(Saved data entries)
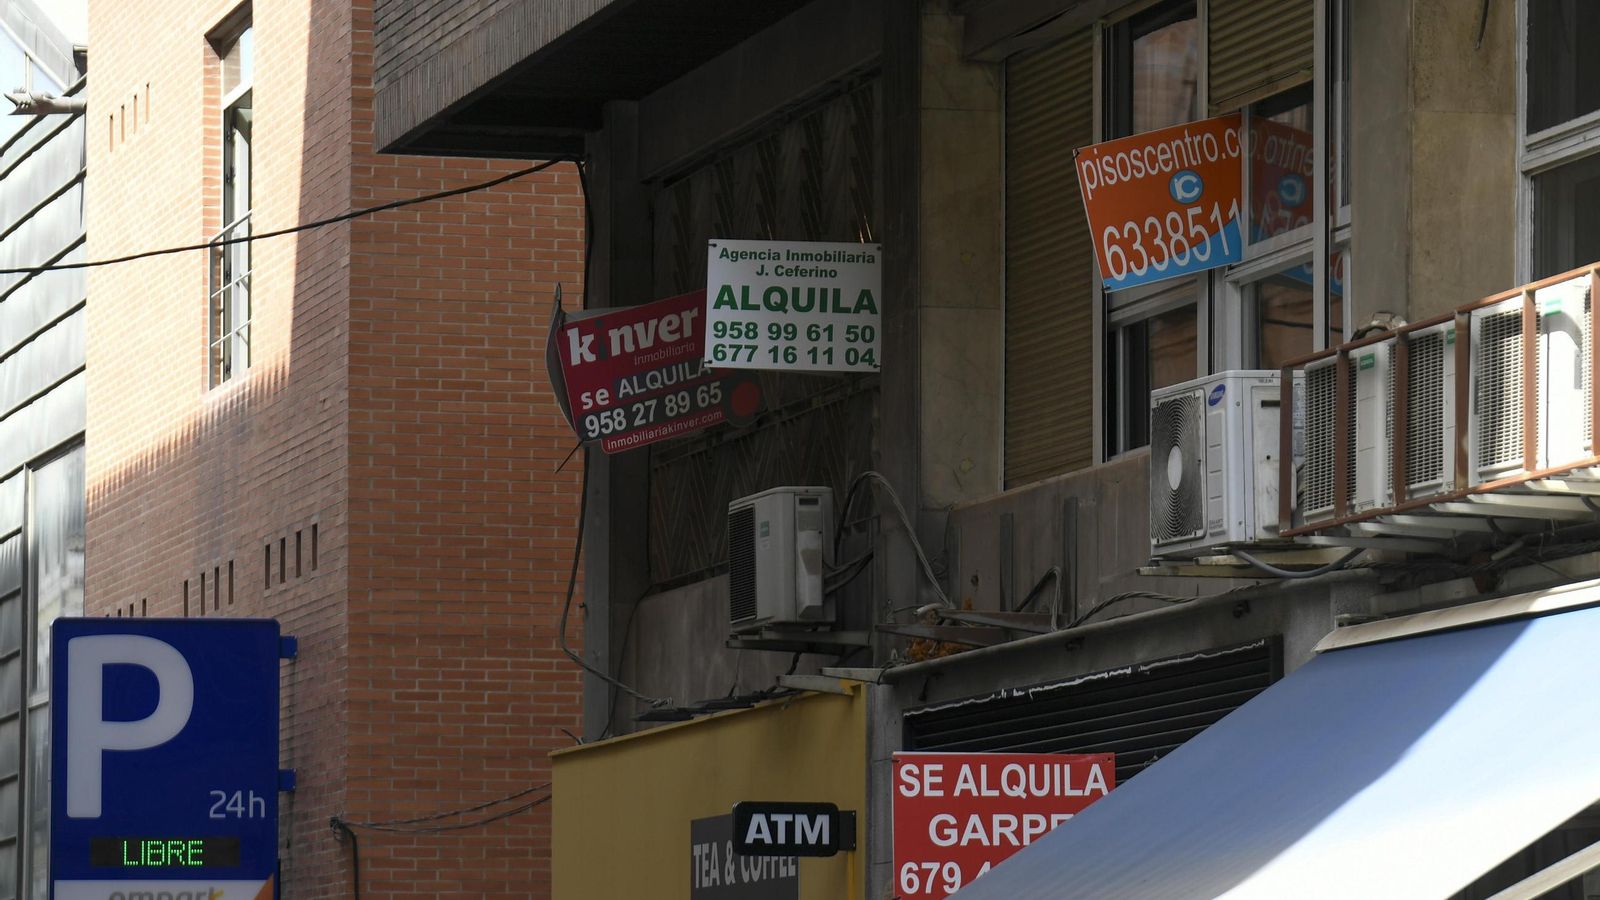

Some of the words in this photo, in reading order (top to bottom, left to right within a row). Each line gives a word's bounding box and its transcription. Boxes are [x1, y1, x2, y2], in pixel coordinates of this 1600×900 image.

[719, 247, 781, 262] Agencia
[786, 249, 875, 264] Inmobiliaria
[756, 264, 769, 276] J.
[774, 264, 838, 279] Ceferino
[713, 284, 878, 315] ALQUILA
[567, 307, 699, 366] kinver
[713, 320, 758, 339] 958
[768, 322, 798, 341] 99
[806, 323, 834, 342] 61
[845, 325, 875, 343] 50
[712, 343, 758, 362] 677
[768, 345, 798, 364] 16
[807, 346, 833, 365] 11
[845, 347, 876, 366] 04
[580, 387, 610, 410] se
[618, 357, 712, 399] ALQUILA
[585, 407, 627, 438] 958
[632, 399, 657, 429] 27
[665, 390, 691, 417] 89
[696, 381, 722, 408] 65
[607, 410, 722, 450] inmobiliariakinver.com
[66, 634, 195, 818] P
[899, 763, 944, 798] SE
[953, 763, 1110, 800] ALQUILA
[209, 790, 266, 818] 24h
[744, 813, 830, 845] ATM
[123, 840, 203, 866] LIBRE
[693, 842, 720, 889] TEA
[724, 839, 736, 886] &
[900, 861, 962, 895] 679
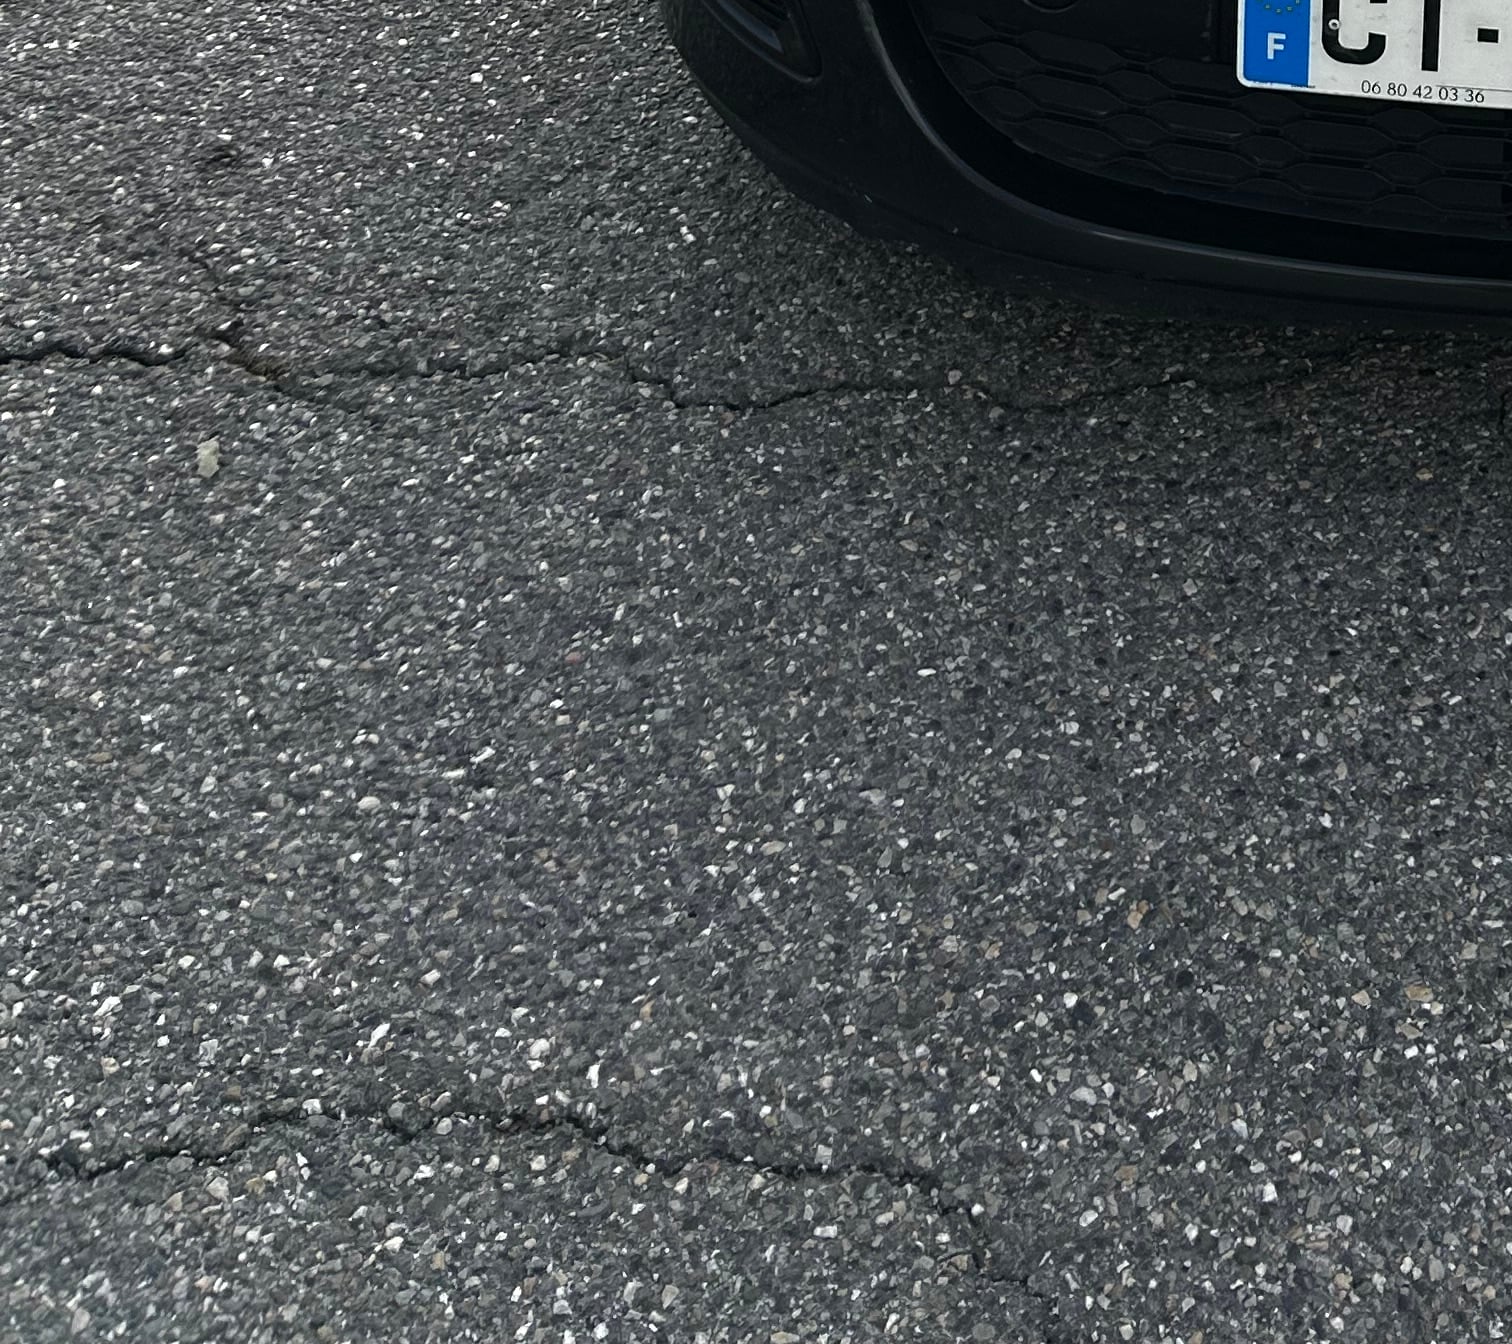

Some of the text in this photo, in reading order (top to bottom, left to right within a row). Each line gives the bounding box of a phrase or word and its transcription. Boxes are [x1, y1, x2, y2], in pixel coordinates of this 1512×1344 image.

[1267, 32, 1286, 60] F
[1361, 80, 1485, 103] 06 80 42 03 36
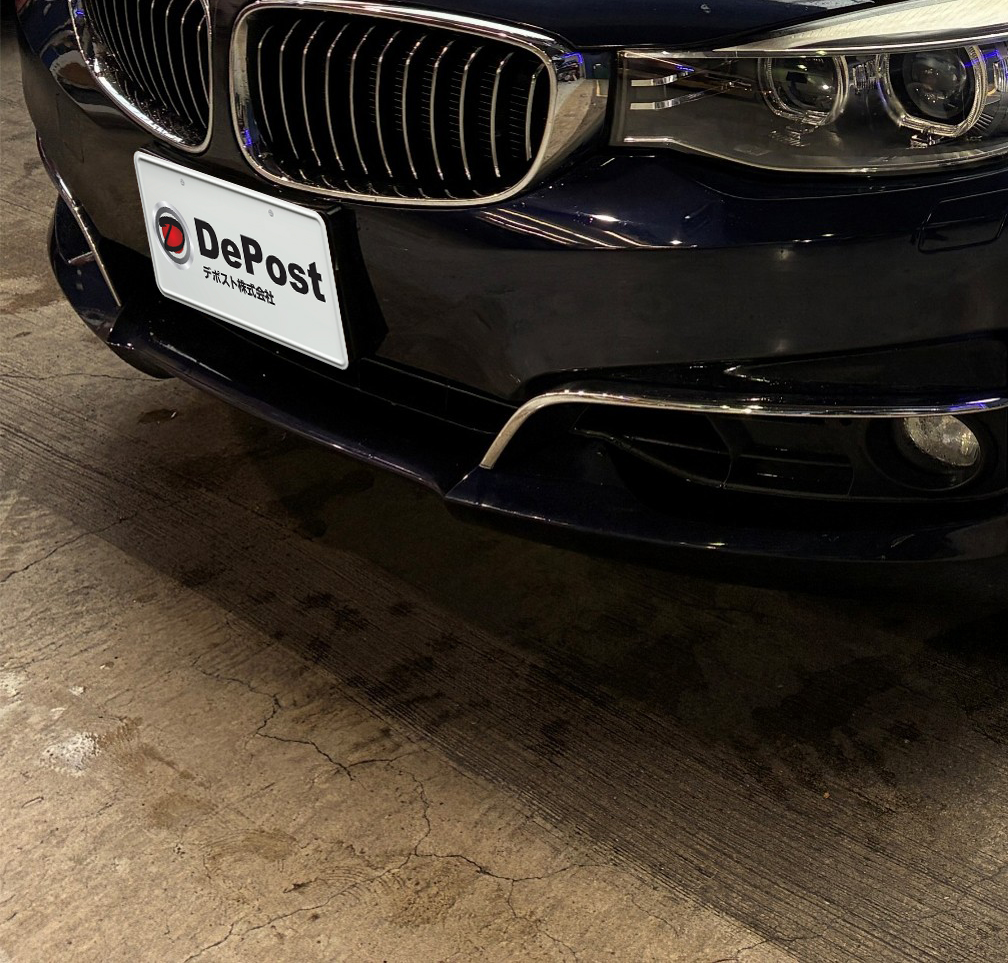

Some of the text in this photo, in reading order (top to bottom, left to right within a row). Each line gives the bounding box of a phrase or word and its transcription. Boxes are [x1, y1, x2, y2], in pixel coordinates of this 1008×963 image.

- Exercise requirements -
Print the records verbatim, without pictures.

- Exercise solution -
Some of the words in this photo, in reading order (top to bottom, left to right within a row). Each line gives a word's bounding box and its transcription. Boxes are [x1, y1, x2, y2], in pixel coordinates of this 1600×900 image.

[719, 247, 781, 262] Agencia
[786, 249, 875, 264] Inmobiliaria
[756, 264, 769, 276] J.
[774, 264, 838, 279] Ceferino
[713, 284, 878, 315] ALQUILA
[567, 307, 699, 366] kinver
[713, 320, 758, 339] 958
[768, 322, 798, 341] 99
[806, 323, 834, 342] 61
[845, 325, 875, 343] 50
[712, 343, 758, 362] 677
[768, 345, 798, 364] 16
[807, 346, 833, 365] 11
[845, 347, 876, 366] 04
[580, 387, 610, 410] se
[618, 357, 712, 399] ALQUILA
[585, 407, 627, 438] 958
[632, 399, 657, 429] 27
[665, 390, 691, 417] 89
[696, 381, 722, 408] 65
[607, 410, 722, 450] inmobiliariakinver.com
[66, 634, 195, 818] P
[899, 763, 944, 798] SE
[953, 763, 1110, 800] ALQUILA
[209, 790, 266, 818] 24h
[744, 813, 830, 845] ATM
[123, 840, 203, 866] LIBRE
[693, 842, 720, 889] TEA
[724, 839, 736, 886] &
[900, 861, 962, 895] 679

Some of the text in this photo, in reading order (top to bottom, left to right within a row). Each line gives the bounding box of a phrase or word and its transcription. Boxes are [x1, y1, x2, y2], in pixel coordinates of this 1512×1344 image.

[1267, 32, 1286, 60] F
[1361, 80, 1485, 103] 06 80 42 03 36

Some of the text in this photo, in reading order (top to bottom, left to right within a row). Each line gives the bounding box of a phrase or word and its transcription. Boxes are [x1, y1, x2, y2], in pixel coordinates of this 1008×963 image.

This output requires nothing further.